Oenone wrapped her arms around Fawn and stroked her gently, feeling the skin sliding under her fingers. “Fawn… it’s all right. You’re right, I didn’t want to be the last person left alive in the universe, but I think I learned Ken’s lesson better than even he did. I don’t want to die, but I just don’t want to go where you’re going.”
Fawn nodded, rubbing her cheek against Oenone’s chest. “I understand. even if I didn’t want to understand, I do. I think it’s kind of sad about you and I. I only get to know you for two days, separated by thousands or millions of years, depending on how you look at it.”
Oenone sat down and pulled Fawn into her lap, pressing her lips to the younger girl’s softly. Fawn kissed back, seemingly desperate as she did so. Oenone’s fingers ran gently over Fawn’s chest, caressing her nipples, teasing her. Fawn squirmed in her lap, moaning. “Ohh…”
“You’re very sensitive,” Oenone said.
“One give from whoever sends me; she apparently didn’t intend for me to be a numb and boring lover.”
“I just needed a pronoun… there are only women left, ‘she’ seemed appropriate.”
Oenone nodded. “You could never be boring to me anyway, Fawn. With only one chance to hold you and handle you, you could never be anything but fascinating, Fawn, even if you were completely unresponsive.”
“Really?” Fawn asked, hugging Oenone tightly.
“Well, if you were completely unresponsive I would wonder why I bothered, but apparently you’re not.”
Fawn shivered gently, returning the strokes she was receiving, if slightly awkwardly. “No, I guess not.” She caressed Oenone’s oversize breasts carefully, holding each one gently underwater and appreciating the buoyant weight of Oenone’s flesh. “You’re so beautiful.”

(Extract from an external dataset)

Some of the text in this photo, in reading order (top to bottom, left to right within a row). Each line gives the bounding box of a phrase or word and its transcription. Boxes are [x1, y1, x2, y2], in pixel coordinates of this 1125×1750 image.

“So are you, Fawn, so are you.” Oenone’s fingers slid down between Fawn’s thighs and caressed the light fur she found there, sliding her fingers down along the legs and over her knees. She smiled and said, “Even if we are the only people left, and who are we to judge what is beautiful and what isn’t?”

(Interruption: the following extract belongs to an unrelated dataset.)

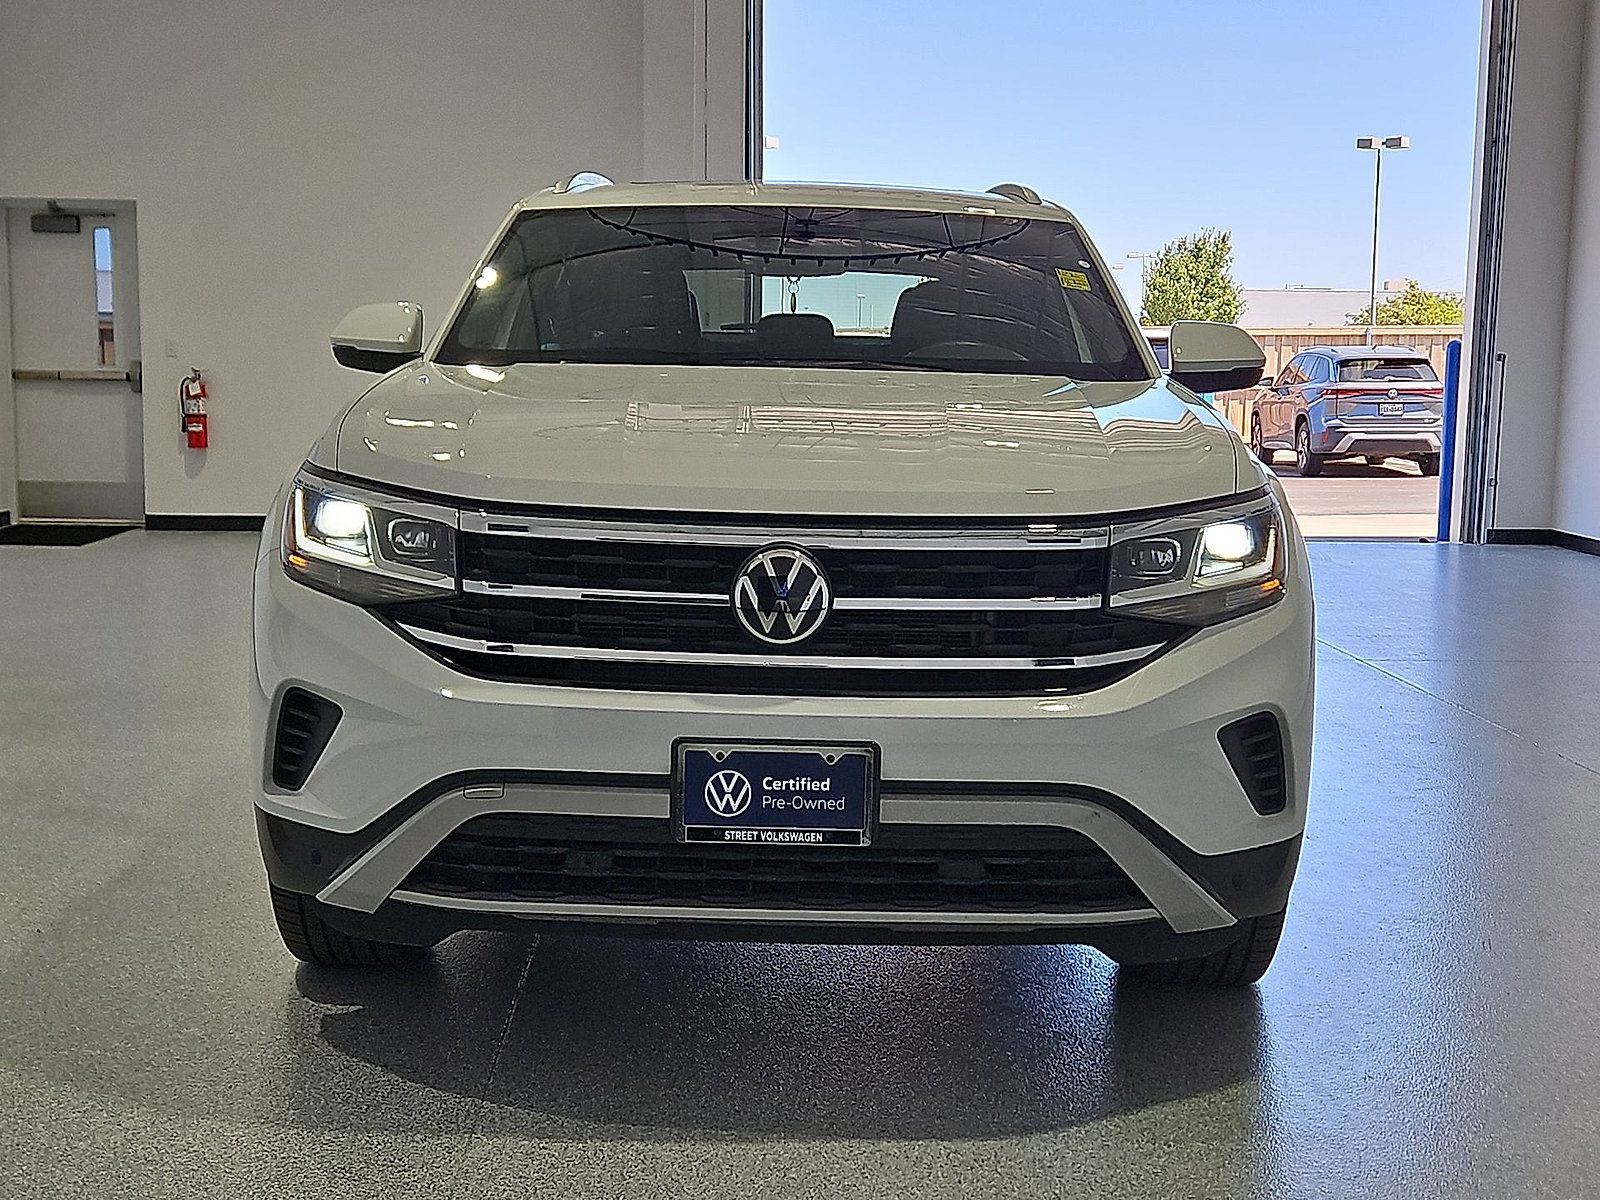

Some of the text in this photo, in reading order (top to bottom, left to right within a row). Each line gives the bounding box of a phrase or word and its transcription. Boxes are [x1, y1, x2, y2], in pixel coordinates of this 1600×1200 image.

“We are,” Fawn said, holding one breast up far enough to expose the nipple to the air and taking it between her lips, sucking and licking. Oenone moaned softly, her nipples hardening instantly in the cool air. Fawn bit gently in Oenone’s pliant flesh, leaving soft teethmarks as she wend her way across Oenone’s chest from one nipple to the other, her fingers kneading and caressing as she did so.
Oenone was surprised at how vociferous Fawn was in her attentions, in her determination. “Slow down, Fawn.”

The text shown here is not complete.